• Exercise prompt: The records that follow should be copied out exactly, pictures excluded.

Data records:
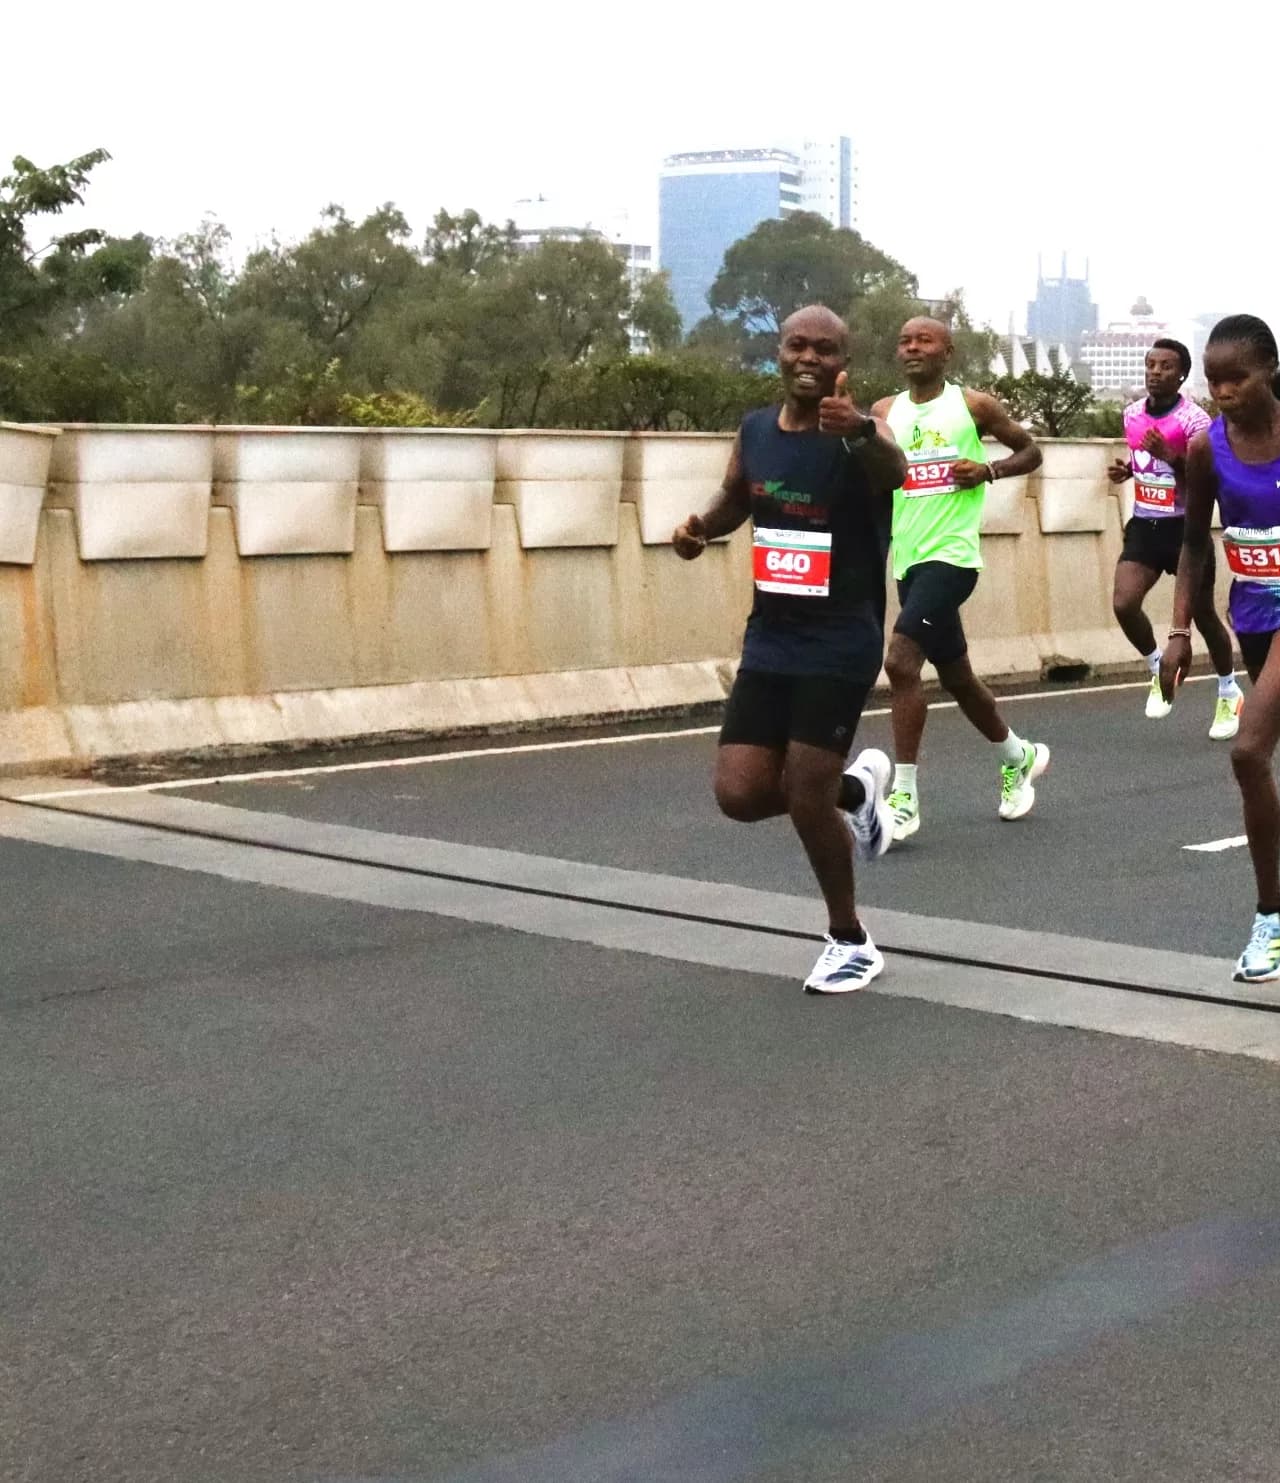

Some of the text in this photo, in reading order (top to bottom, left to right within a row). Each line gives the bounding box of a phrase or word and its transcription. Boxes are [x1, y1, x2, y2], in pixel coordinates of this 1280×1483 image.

[907, 463, 950, 481] 1337
[1139, 486, 1167, 500] 1178
[765, 550, 811, 574] 640
[1239, 547, 1280, 567] 531
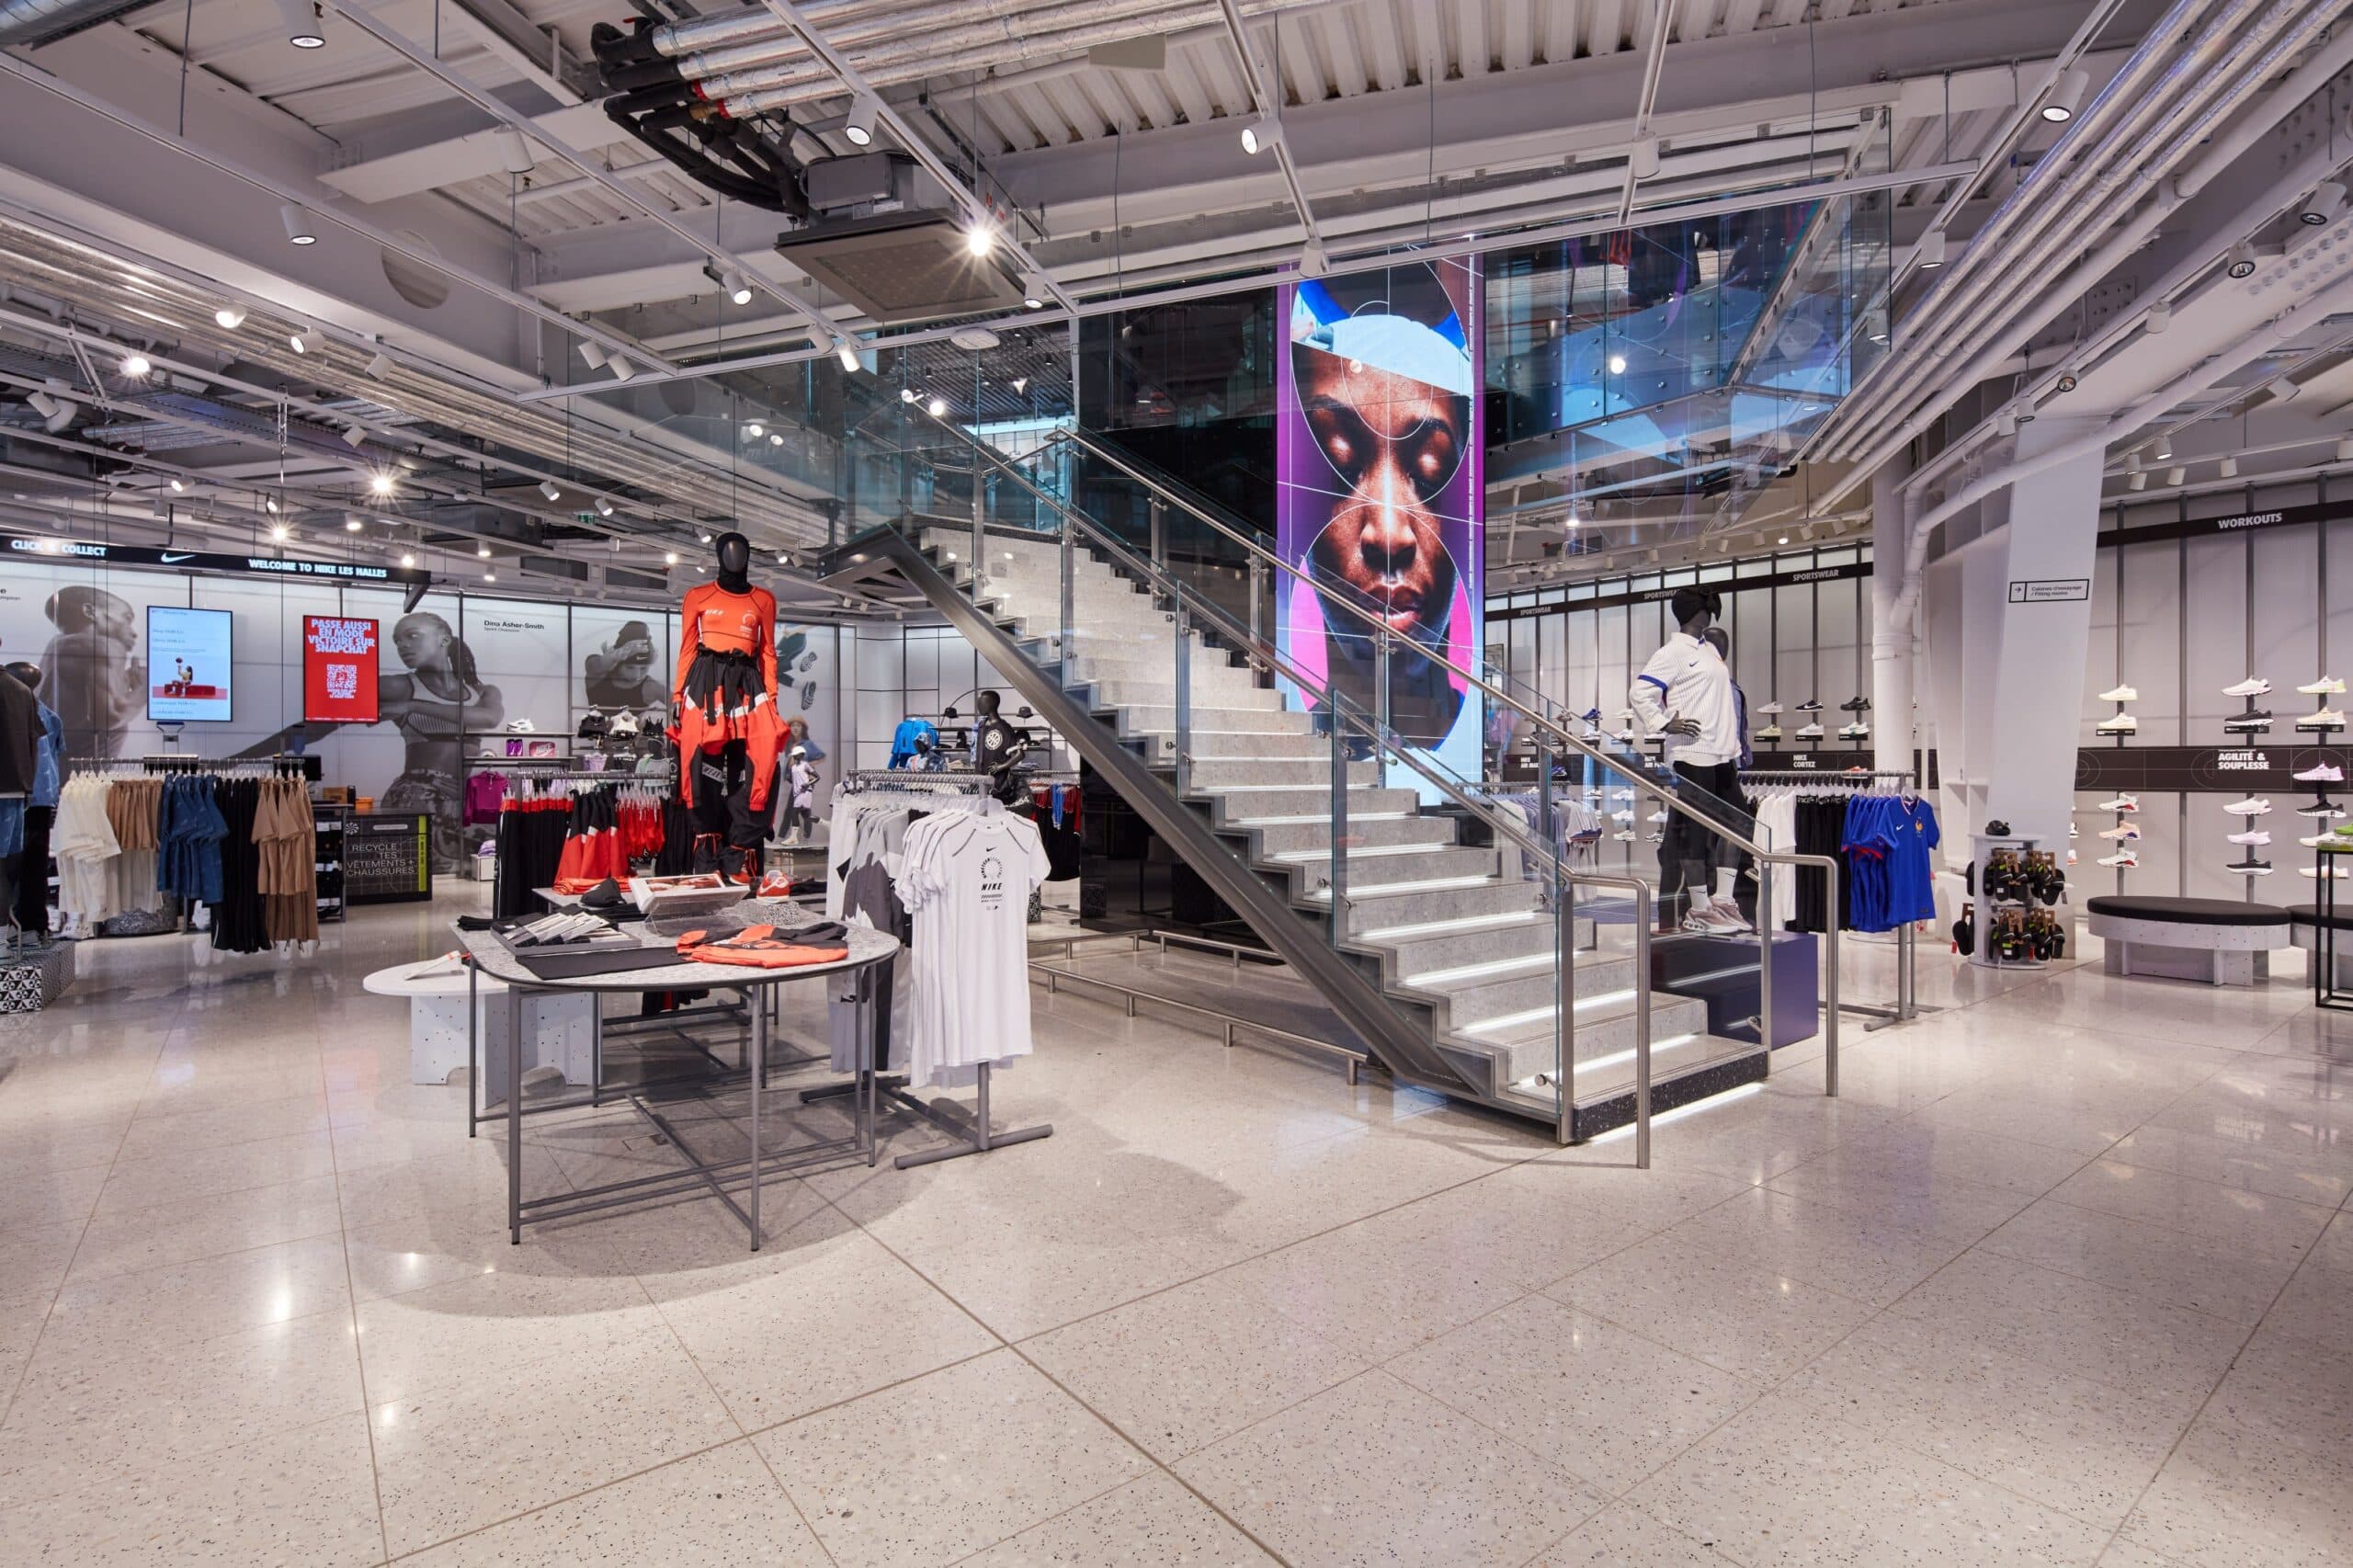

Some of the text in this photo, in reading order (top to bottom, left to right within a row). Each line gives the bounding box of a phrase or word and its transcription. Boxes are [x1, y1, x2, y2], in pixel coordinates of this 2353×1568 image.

• Task answer:
Some of the text in this photo, in reading order (top to bottom, left to right within a row). Each line gives the bounding box of a phrase or word and its transcription. Boxes are [x1, y1, x2, y2], in pixel coordinates of this 1280×1483 image.

[907, 463, 950, 481] 1337
[1139, 486, 1167, 500] 1178
[765, 550, 811, 574] 640
[1239, 547, 1280, 567] 531

Some of the text in this photo, in reading order (top to bottom, left to right within a row). Each line gives the bounding box of a phrase or word and its transcription. Boxes are [x1, y1, x2, y2], in pixel coordinates of this 2353×1568 image.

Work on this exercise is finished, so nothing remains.